INOVAÇÃO: Porto Velho ganha reforço inédito no combate à dengue com “mosquitos do bem” — ENTENDA

Uma nova estratégia de combate à dengue, zika e chikungunya começou a ser implantada em Porto Velho. A iniciativa utiliza mosquitos Aedes aegypti portadores da bactéria Wolbachia, que impede a multiplicação dos vírus no organismo do inseto, reduzindo a capacidade de transmissão das doenças.
A ação faz parte de um projeto do Ministério da Saúde em parceria com a Fundação Oswaldo Cruz (Fiocruz), tecnologia que já vem sendo adotada em diferentes cidades do Brasil e também em outros países.
Na capital rondoniense, os ovos dos mosquitos chegam de Curitiba e são desenvolvidos em um insetário até atingirem a fase adulta.
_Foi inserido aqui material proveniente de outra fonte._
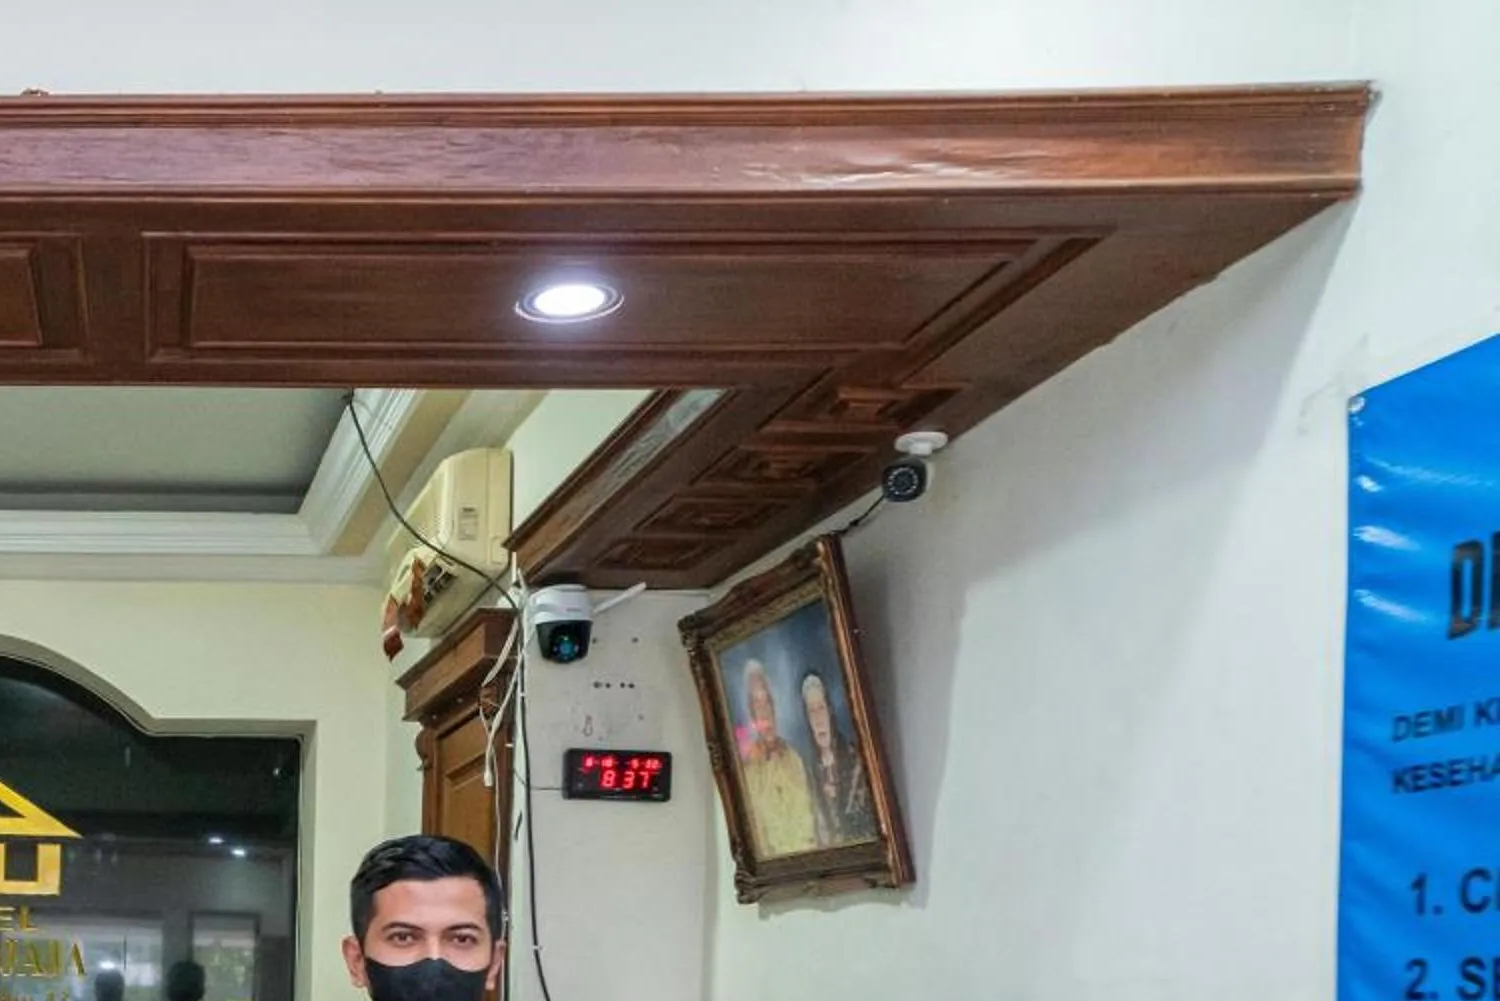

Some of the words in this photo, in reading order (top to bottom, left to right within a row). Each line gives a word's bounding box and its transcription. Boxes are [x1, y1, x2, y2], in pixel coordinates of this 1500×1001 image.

[1393, 705, 1464, 742] DEMI
[1411, 873, 1443, 916] 1.
[1405, 958, 1439, 1001] 2.
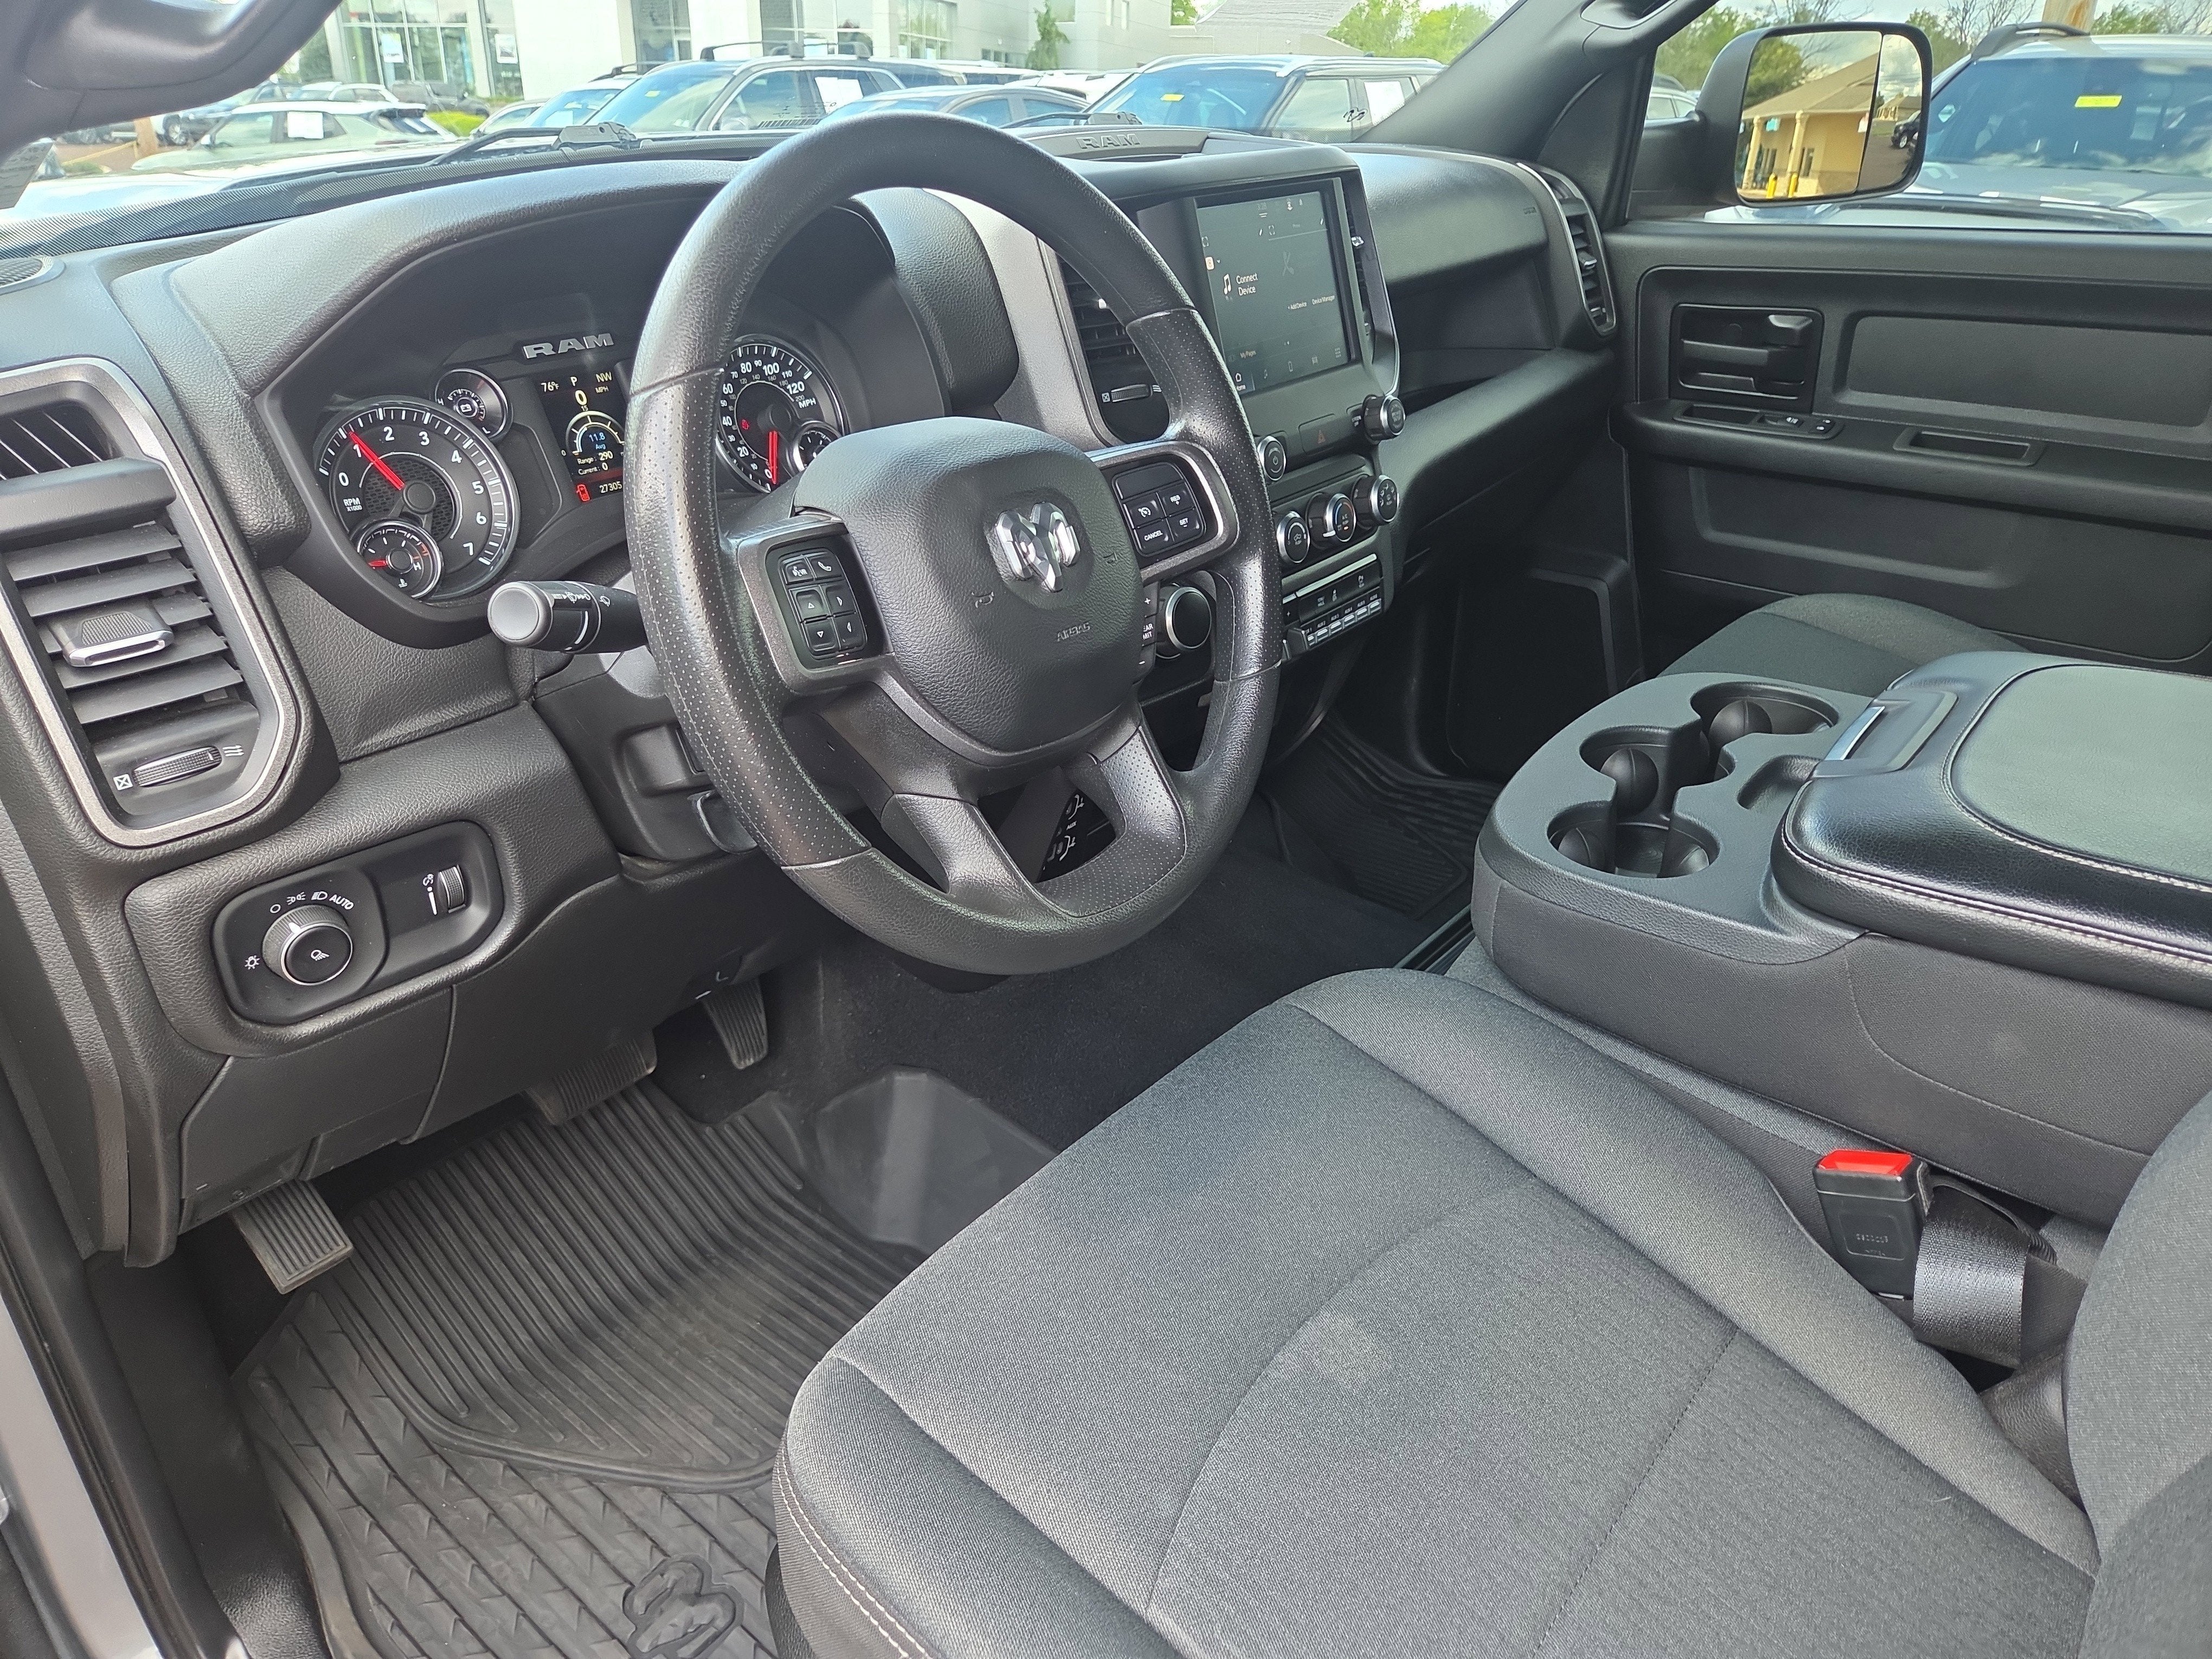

Em seguida, os insetos são soltos em bairros previamente definidos, onde cruzam com os mosquitos locais e transmitem a bactéria às futuras gerações, ampliando naturalmente a proteção.
A previsão é que a iniciativa alcance cerca de 276 mil moradores, distribuídos em 27 bairros de Porto Velho. Em municípios onde a tecnologia já foi implementada, estudos apontam uma queda expressiva no número de casos de dengue e outras arboviroses.
Mesmo com a chegada da nova tecnologia, as autoridades reforçam que a população deve continuar fazendo sua parte. A eliminação de recipientes com água parada, a limpeza de quintais e a vedação de caixas d’água continuam sendo medidas indispensáveis para evitar a proliferação do mosquito transmissor.